Um levantamento contabilizou 23 pedestres mortos em cinco anos e recomenda reforçar a fiscalização às sextas-feiras e aos domingos.
Um estudo da Universidade do Minho conclui que, nas autoestradas portuguesas concessionadas, os acidentes registrados à noite tendem a apresentar maior gravidade - especialmente em trechos sem iluminação - e que as mortes se concentram sobretudo às sextas-feiras e aos domingos. Diante desse padrão, os autores defendem mais fiscalização justamente nos dias considerados de maior risco. A pesquisa também apontou um dado que chamou a atenção da equipe: entre 2019 e 2023, 23 pedestres morreram nessas vias, onde não deveria haver circulação a pé.

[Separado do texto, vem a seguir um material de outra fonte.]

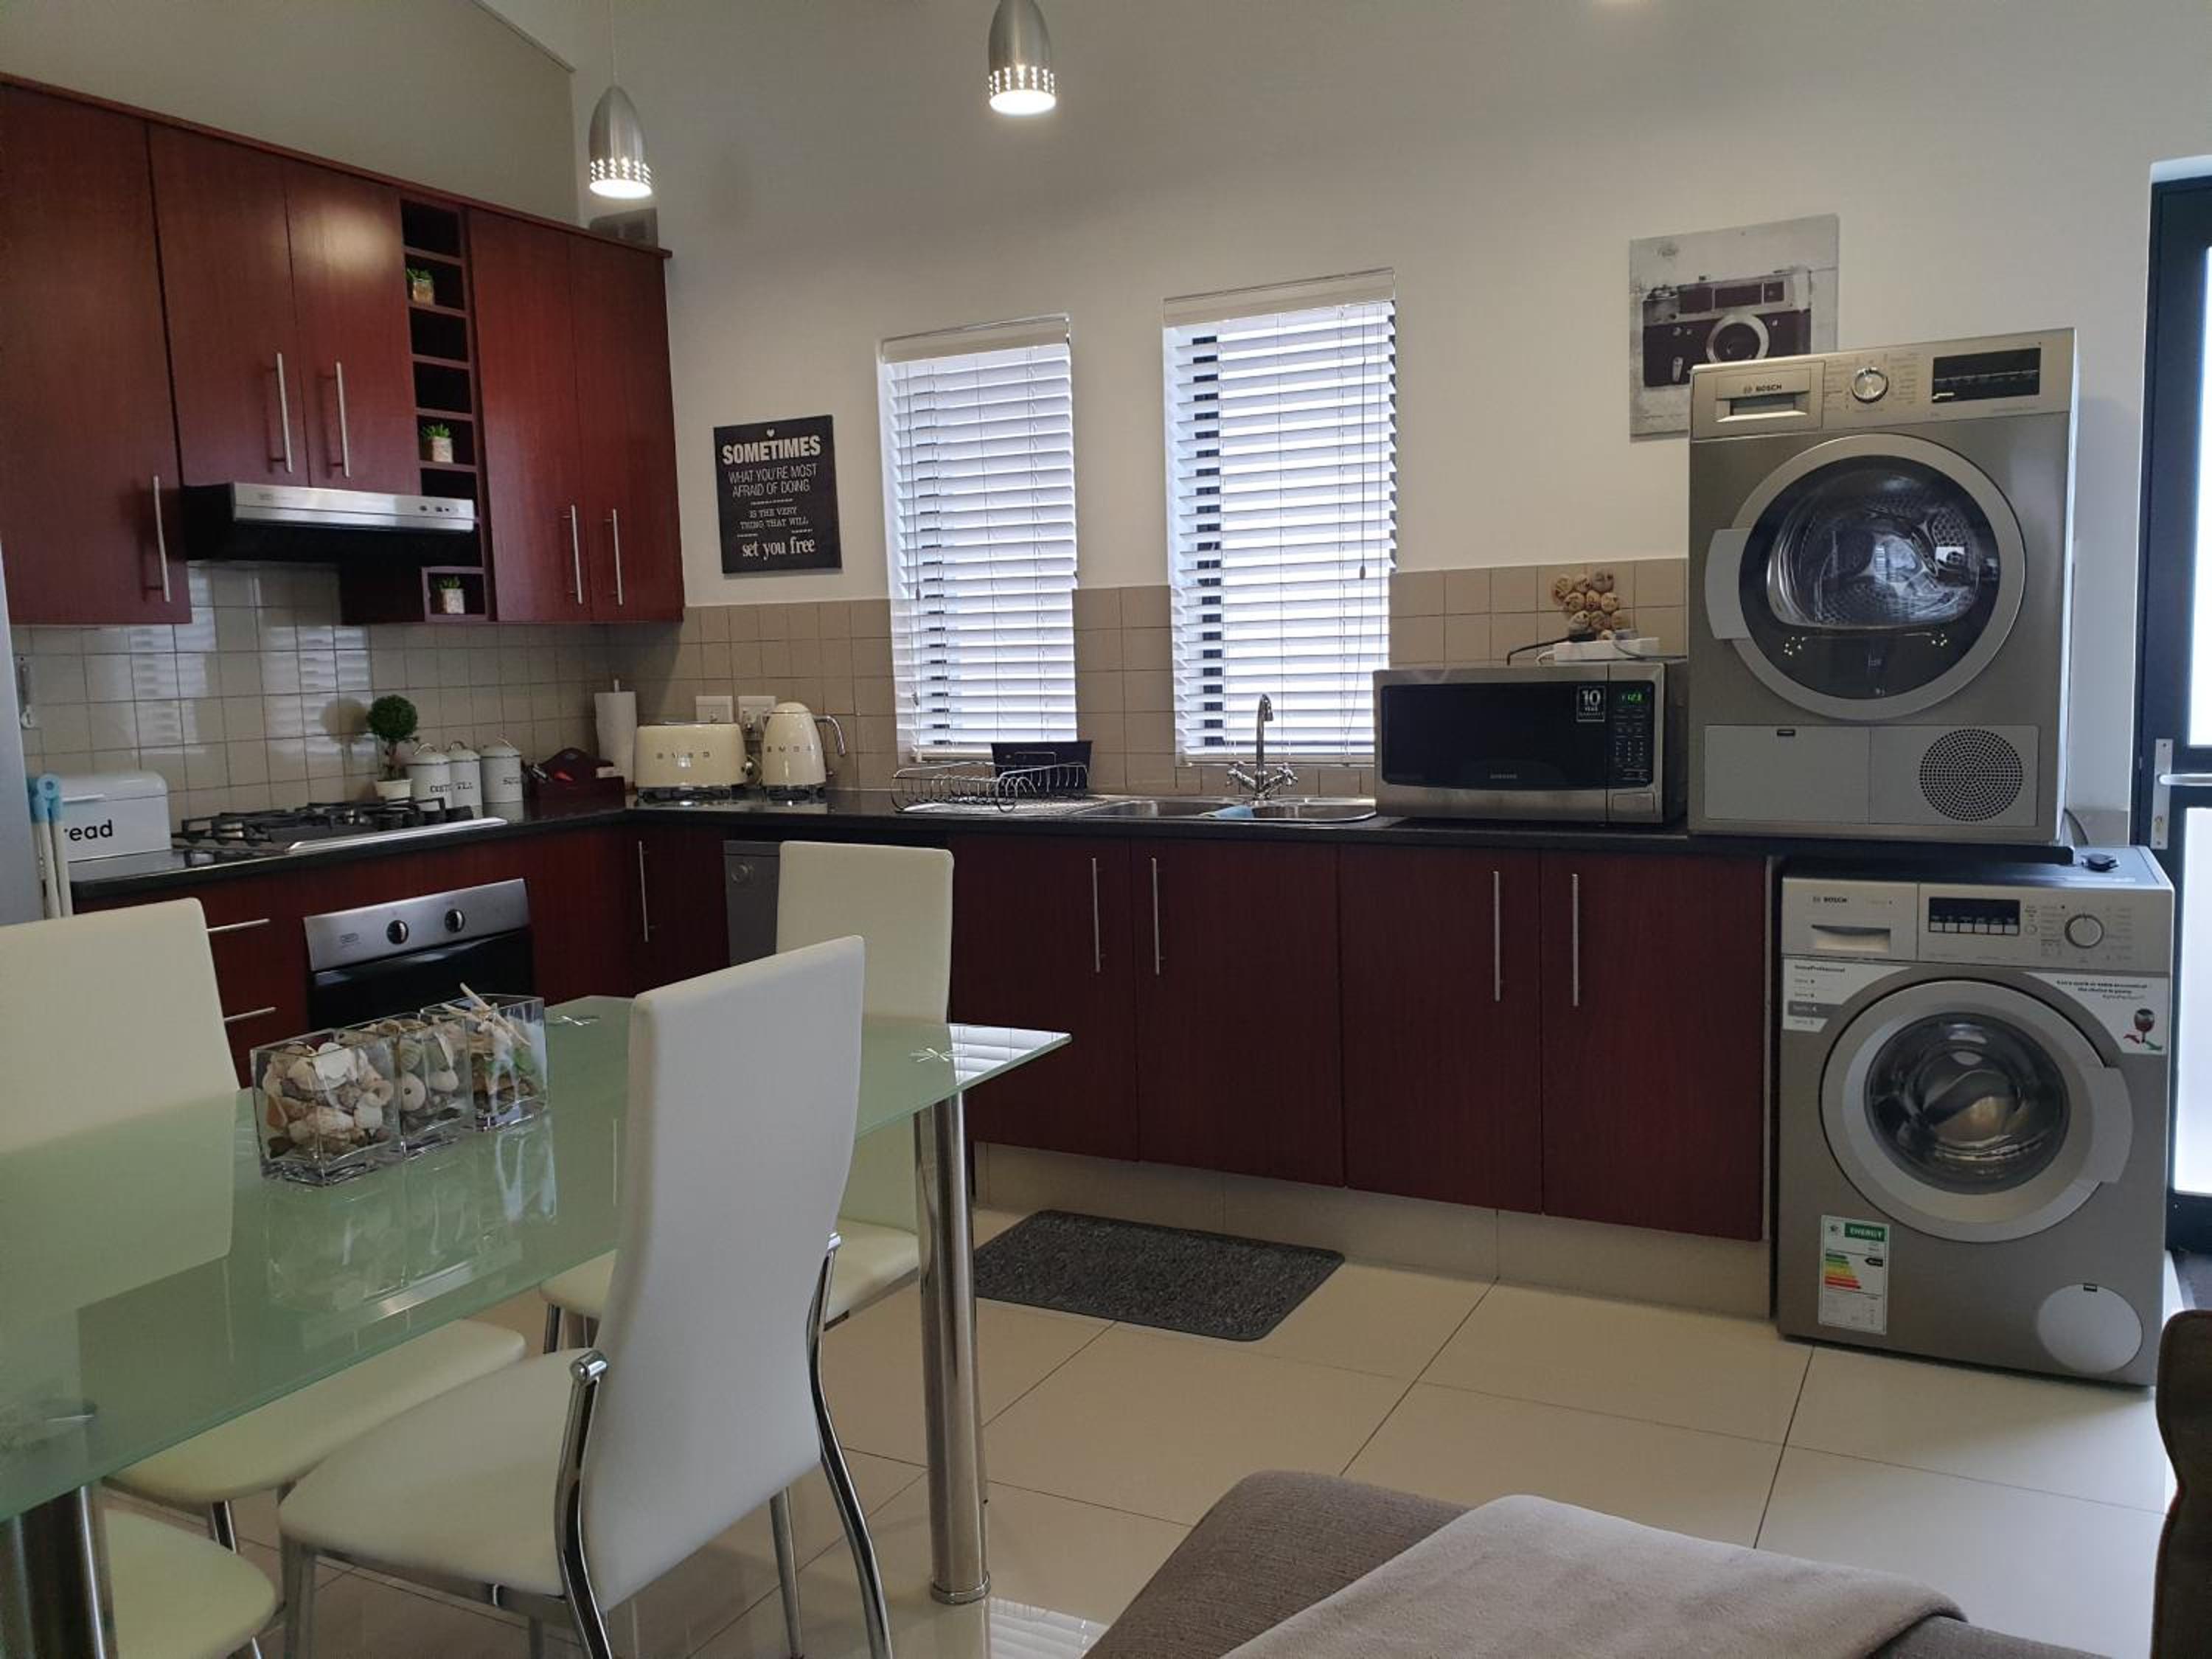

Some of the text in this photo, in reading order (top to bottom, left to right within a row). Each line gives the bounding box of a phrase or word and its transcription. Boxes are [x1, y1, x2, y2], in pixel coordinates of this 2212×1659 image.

[1756, 383, 1782, 392] BOSCH
[722, 435, 821, 465] SOMETIMES
[728, 463, 818, 484] WHAT YOU'RE MOST
[732, 479, 810, 498] AFRAID OF DOING
[749, 507, 797, 518] IS THE VERY
[740, 516, 809, 529] THING THAT WILL
[742, 536, 815, 560] set you free
[1582, 689, 1601, 706] 10
[63, 819, 113, 841] ead

O trabalho foi encomendado pela Associação Portuguesa das Concessionárias de Autoestradas e Pontes (APCAP) à Universidade do Minho e apresentado no congresso que marcou os 25 anos da associação, realizado recentemente em Lisboa. A análise avaliou a acidentalidade em 16 itinerários, abrangendo 10 concessionárias e mais de 2100 quilômetros da rede principal e global, combinando dados da APCAP com informações da Autoridade Nacional de Segurança Rodoviária.
No período de 2019 a 2023, foram contabilizados 4869 acidentes com vítimas, que resultaram em 218 mortes, 485 feridos graves e 7070 feridos leves. “O estudo mostra uma ligeira diminuição da sinistralidade, mas com um desfasamento provocado pela pandemia e uma recuperação posterior para níveis próximos dos de 2019”, explicou ao JN a coordenadora do estudo, Elisabete Freitas.

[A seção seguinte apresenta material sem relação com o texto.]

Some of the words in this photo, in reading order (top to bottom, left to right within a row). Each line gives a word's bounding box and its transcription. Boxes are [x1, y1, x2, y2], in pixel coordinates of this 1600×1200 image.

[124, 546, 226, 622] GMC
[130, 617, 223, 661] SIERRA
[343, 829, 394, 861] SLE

Entre os resultados, o número de pedestres mortos em autoestradas foi um dos pontos que mais surpreenderam os pesquisadores. Nesse intervalo de cinco anos, 23 pessoas morreram atropeladas nessas vias; em 10 casos, as vítimas caminhavam pela pista quando foram atingidas por veículos. Para a investigadora, os dados acabam reforçando uma realidade: muitos motoristas ainda subestimam o risco de sair do carro em plena autoestrada.
Como fugir ao perigo nas autoestradas
“As pessoas não têm noção do perigo que é sair de um carro em plena autoestrada”, alertou Elisabete Freitas. Em situações de pane ou após um acidente, a docente orienta colocar o colete refletivo, sinalizar a ocorrência e sair rapidamente da área de circulação, buscando abrigo atrás das defensas de segurança.
O estudo também delineou quando o risco é maior. Entre julho e dezembro ocorre a maior concentração de acidentes, de mortes e de feridos, enquanto o período noturno - principalmente em trechos sem iluminação - reúne os indicadores mais altos de gravidade. A faixa entre 18h e 21h é aquela em que se registra o maior número de mortes.
Em relação ao tipo de ocorrência, as colisões traseiras aparecem com larga vantagem, seguidas por despistes e colisões laterais. Os veículos leves participam da grande maioria dos sinistros; ainda assim, quando há envolvimento de veículos pesados, os indicadores de gravidade são mais elevados.
Diante desse cenário, os autores defendem intensificar a fiscalização às sextas-feiras e aos domingos, que são os dias com maior concentração de vítimas fatais. Também propõem mais controle de velocidade e a adoção de ferramentas tecnológicas capazes de detectar incidentes com rapidez e permitir uma resposta mais eficiente.
Em comparação com redes concessionadas semelhantes na União Europeia, os indicadores nacionais ficam alinhados à média. “Os números de vítimas mortais entre os peões são muito elevados, mas estão em linha com os outros países da União Europeia”, conclui Elisabete Freitas.
70% dos acidentes nas autoestradas com homens ao volante
De acordo com o estudo da Universidade do Minho, homens correspondem a 70% dos motoristas envolvidos em acidentes com vítimas nas autoestradas. Considerando ambos os sexos, a faixa etária de 25 a 44 anos é a mais presente, reunindo cerca de 40% dos condutores acidentados. Já entre os passageiros, o cenário muda: mulheres somam 60% das vítimas e não há uma idade claramente predominante - observa-se um equilíbrio entre diferentes grupos etários, ao contrário do padrão verificado entre os condutores.
Saber mais sobre segurança nas autoestradas
Bom tempo
A maior parte dos acidentes em autoestradas ocorre com bom tempo. Os investigadores ressaltam, porém, que esse resultado reflete principalmente o fato de existirem muito mais dias com condições meteorológicas favoráveis do que dias com chuva ou nevoeiro.
Sinalização
Os pesquisadores sugerem que o Governo defina os requisitos necessários para fiscalizar as distâncias de segurança e avalie o uso complementar de dispositivos luminosos de pré-sinalização de perigo.